On this special San Francisco edition, Jim Cramer explores the market turbulence sparked by regional banks’ bad loans and the economic tug-of-war shaping Federal Reserve policy. He interviews leaders from top companies—Lyft, Prologis, and Okta—to dig into themes of resilience, technological change (especially AI), logistics’ future, and cybersecurity. Cramer also delivers his signature "Lightning Round" on individual stocks and wraps with a cautionary tale about insider selling in speculative markets.
(For more stock takes, see full transcript section.)
| Segment | Timestamp | |-----------------------------------------------------|---------------| | Market Monologue: Bad Loans & Rate Cuts | 01:40–09:00 | | Lightning Round: Quick Stock Analysis | 38:46–42:49 | | Interview: David Risher, CEO of Lyft | 12:51–20:29 | | Interview: Hamid Moghadam, CEO of Prologis | 22:25–28:34 | | Interview: Todd McKinnon, CEO of Okta | 29:00–38:15 | | Insider Selling Discussion | 42:50–47:06 |
Cramer's tone throughout is lively, energetic, and direct, blending sharp financial analysis with accessible teaching.
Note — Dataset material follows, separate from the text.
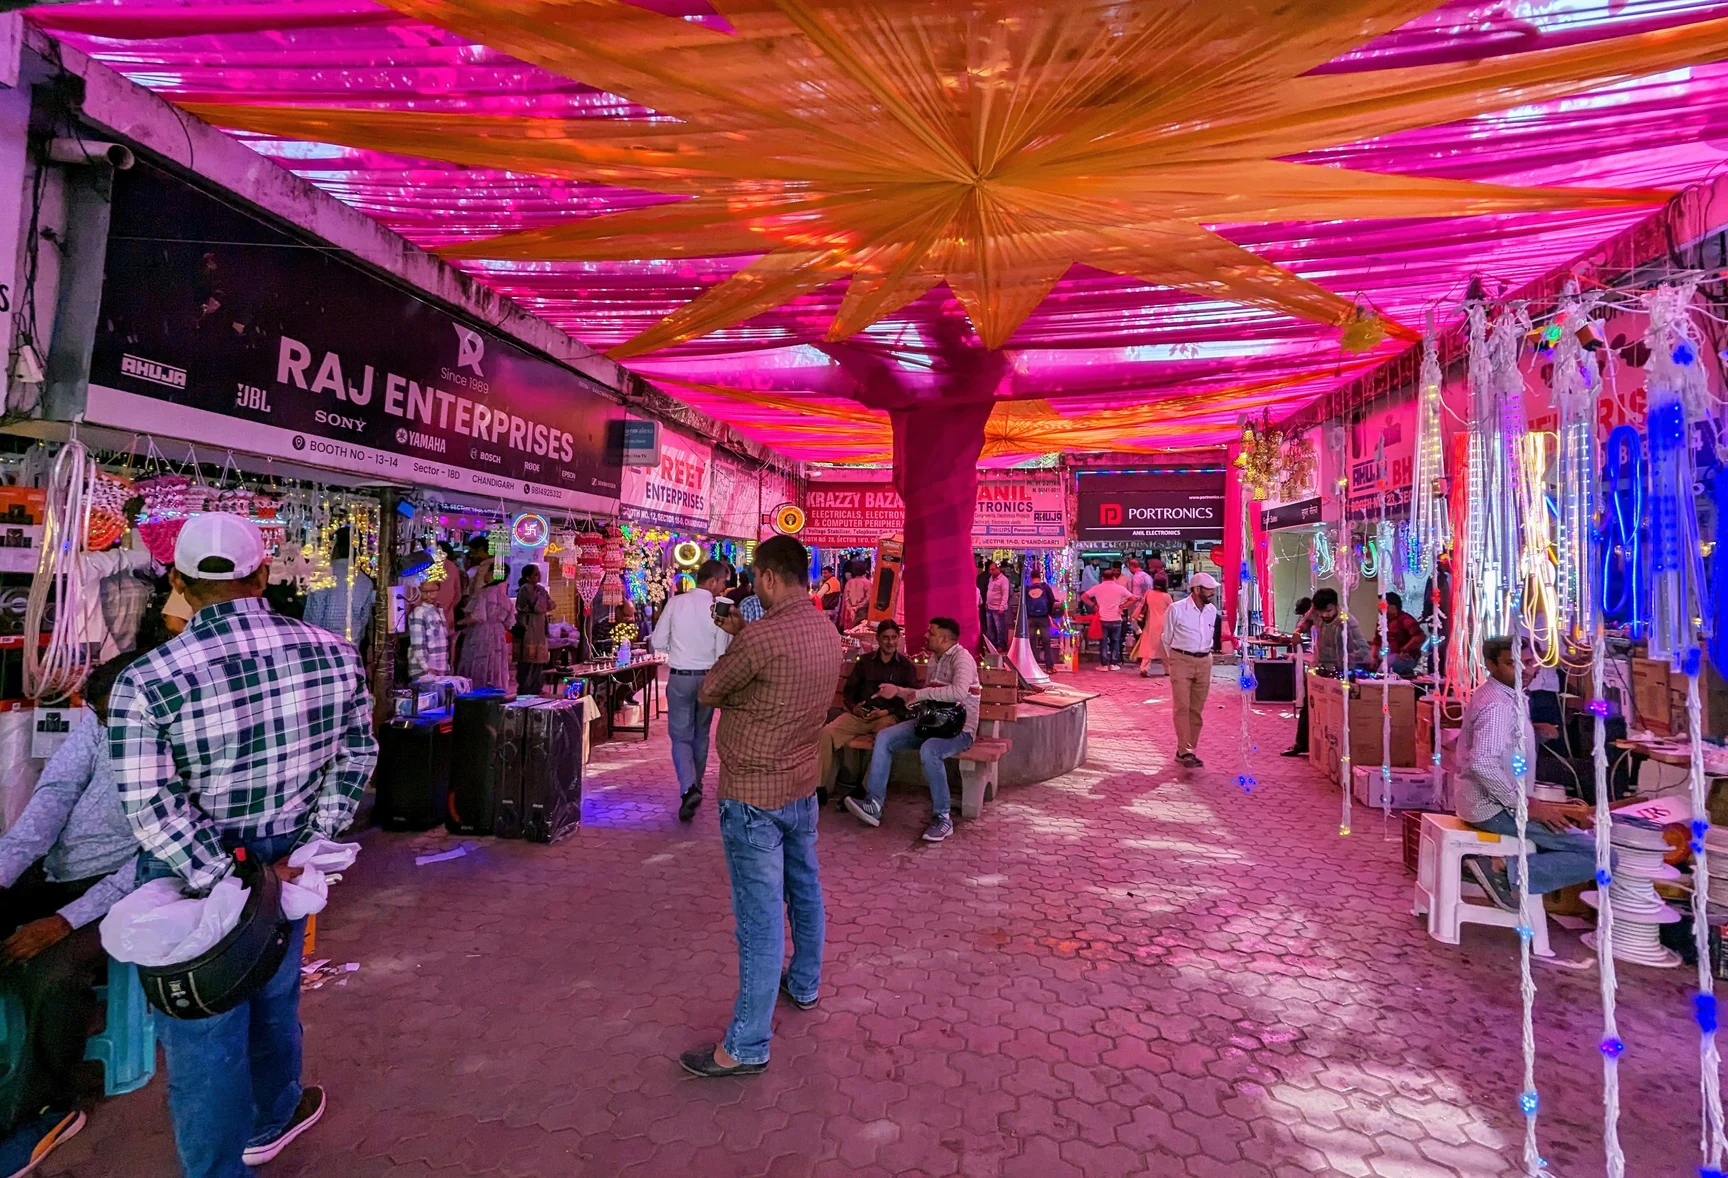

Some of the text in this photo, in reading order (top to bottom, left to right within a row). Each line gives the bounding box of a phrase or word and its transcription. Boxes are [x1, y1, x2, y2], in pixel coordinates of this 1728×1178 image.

Interviews feature direct, often personable questioning, quick humor, and real-world examples—mirroring the streetwise voice listeners expect from “Cramerica.”
This Mad Money episode delivers both immediate stock advice and broader investing lessons. Cramer highlights rising financial sector risk as a possible trigger for lower rates—potentially offering opportunity in dividend and "real economy" stocks. Interviews showcase company leaders facing technological disruption and seizing new markets, while Cramer ends with a reminder: don't let gains evaporate by ignoring the warning signals of speculative peaks. As always—do your homework, stay prudent, and, as Cramer says, “Never confuse stocks with cash.”